Feb 6, 2014

New Music: Cynic - Kindly Bent to Free Us (With Stream)

Album Score: 6.0/10
If Kindly Bent to Free Us is your first impression of Cynic, then you’ll be in for a shock upon looking into this metal legend’s back catalogue. Paul Masvidal, Sean Malone, and Sean Reinert comprise Cynic’s core, and while they’ve left an indelible mark on extreme metal over the last quarter-century, Cynic has lately left its fan base divided, if not totally bewildered. Sure, the upbeat swing of “The Lion’s Roar” bears little face-value resemblance to cuts from the band’s classic 1993 album Focus, but in a weird way it seems like we should have seen this coming all along as shredded leads and death growls have steadily given way to ethereal atmospheres and intricately layered compositions. Thinking back, though, is the intro of “Kindly Bent to Free Us” really so far from that of “I’m But a Wave To”? For long-time followers, it seems high time to let go of our notions on what Cynic was and appreciate what it is, and has always been – a group of musicians willing to push the envelope of progressive music in any way possible. Unfortunately for Cynic, it seems to have taken a wrong turn somewhere along the way.

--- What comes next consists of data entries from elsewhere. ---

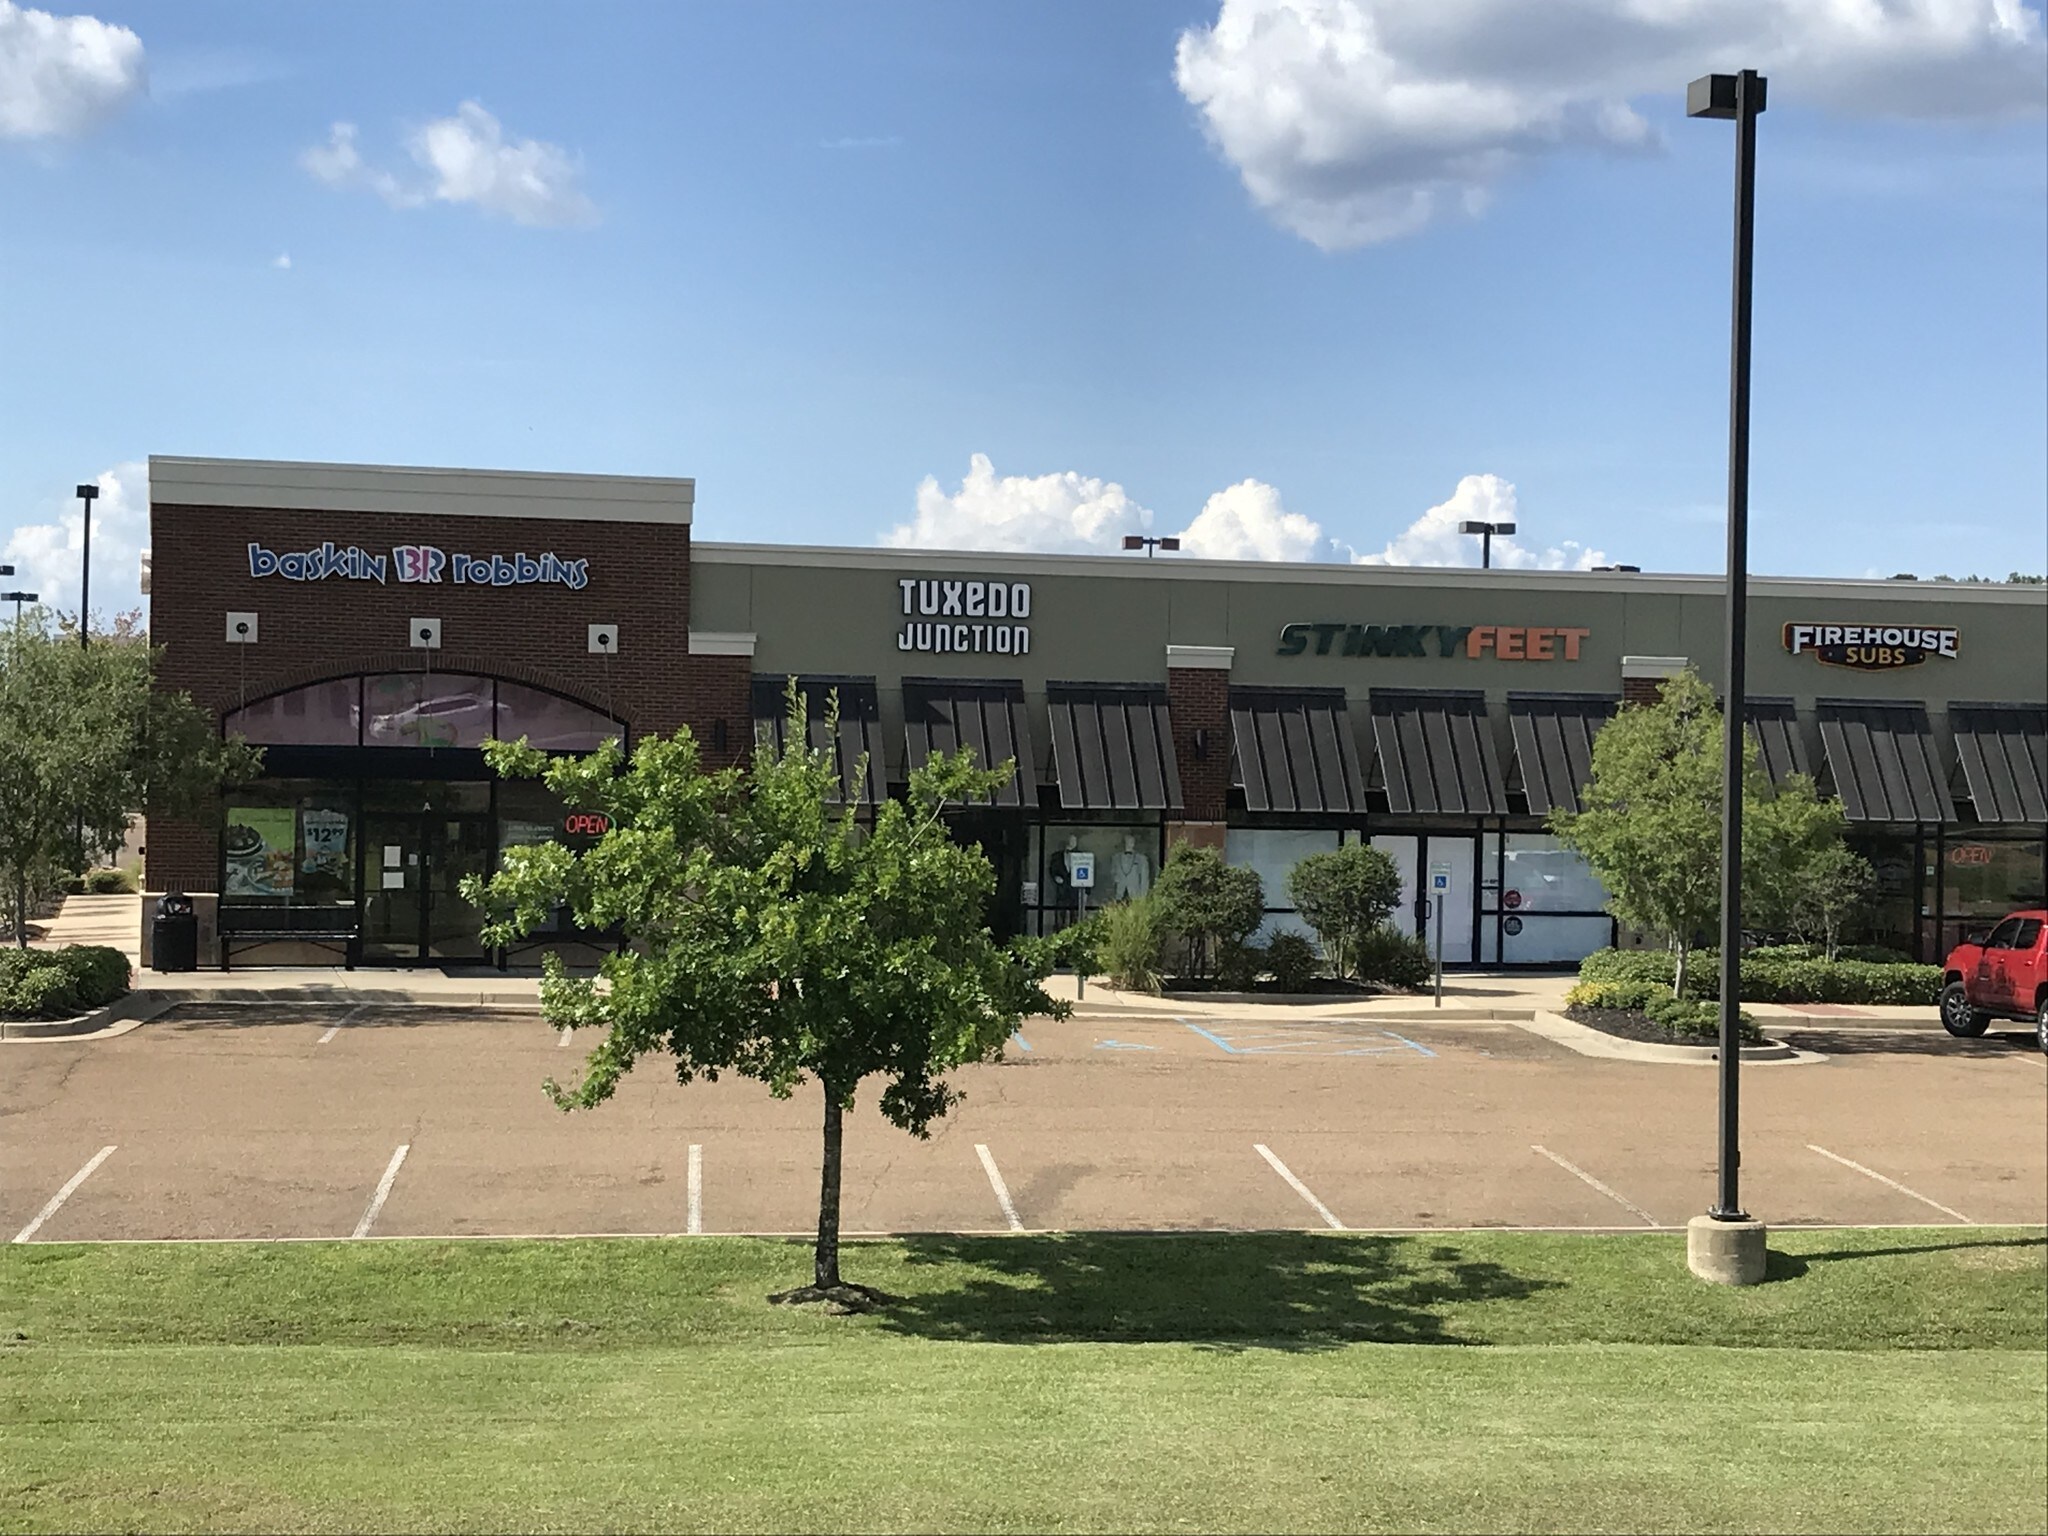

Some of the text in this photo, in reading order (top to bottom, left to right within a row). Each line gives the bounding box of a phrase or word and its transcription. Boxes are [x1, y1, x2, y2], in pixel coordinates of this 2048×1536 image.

[248, 542, 589, 590] baskin BR robbins
[898, 622, 1029, 656] JUNCTION
[1793, 625, 1958, 660] FIREHOUSE
[1846, 647, 1906, 664] SUBS
[565, 815, 609, 834] OPEN
[1951, 846, 1993, 864] OPEN

2011’s Carbon-Based Anatomy is the obvious starting point for Kindly Bent to Free Us, as Masvidal finally brought his brainchild fully into the realm of progressive rock. It also gave us the first glimpse of how totally bizarre his lyrical concepts are becoming, with titles like “Elves Beam Out” and “Bija!” Farther back, the chorus of “Adam’s Murmur” seems like a precursor to Kindly’s equally strange “Moon Heart Sun Head,” a song whose hemiola-based rhythms are interesting but unsteady. While Reinert’s drum work certainly lacks the pace of much of his other work in Cynic and Death, his polyrhythmic precision nonetheless remains vital to Cynic’s new sound. “True Hallucination Speak” revolves around bass and cymbal hits that never seem to land in the same place twice, lending the song a live-jam feel until its halfway point. After a double-time peak, Masvidal’s falsetto vocals take over, and a riff is gradually re-established through the song’s fading conclusion. It’s a relaxing but somewhat unconvincing way to start the album, and fortunately things pick up soon as it gives way to the lively shuffle of “The Lion’s Roar.”

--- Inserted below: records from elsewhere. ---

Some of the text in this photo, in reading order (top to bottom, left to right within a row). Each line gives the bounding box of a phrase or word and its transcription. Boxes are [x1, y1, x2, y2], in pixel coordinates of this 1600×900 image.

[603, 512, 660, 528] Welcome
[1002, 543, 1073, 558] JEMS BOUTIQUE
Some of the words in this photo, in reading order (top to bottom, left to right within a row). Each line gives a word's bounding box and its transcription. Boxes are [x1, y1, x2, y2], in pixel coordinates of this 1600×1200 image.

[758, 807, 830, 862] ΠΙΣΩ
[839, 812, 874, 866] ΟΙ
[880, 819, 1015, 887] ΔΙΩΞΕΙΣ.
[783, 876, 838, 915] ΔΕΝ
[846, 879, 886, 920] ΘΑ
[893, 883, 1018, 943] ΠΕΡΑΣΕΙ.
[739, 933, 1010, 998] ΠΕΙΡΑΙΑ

If you’ve read any of Masvidal’s interviews, you’ll get an idea how convoluted the band’s own view of the album is: “It's kind of like, to me, coming into Cynic's body more...I'm big in the space. It's definitely new. It's not like anything we've done before. It's a new color, a new space…it's a new space for Cynic, for sure. It definitely sounds like us, except completely new." The gist there seems to be lots of space, a lot of meditation, and probably some mind-altering substances. There is, indeed, lots of space in the album, as evidenced by the closing track, “Endlessly Bountiful.” Whatever groove the song has is totally buried behind sci-fi synths and echoed chants of the song’s title, foregoing anything resembling popular music until a short spurt of drumming two thirds of the way through. Just as it seems the album will close with all this spacey nonsense, a jazzy duet between Malone’s walking bass and Masvidal’s glassy guitar tones wraps things up beautifully. It’s moments like this that keepKindly Bent to Free Us from being a total disaster, as Cynic lives up to its reputation as a progressive mastermind, if only for a moment here and there.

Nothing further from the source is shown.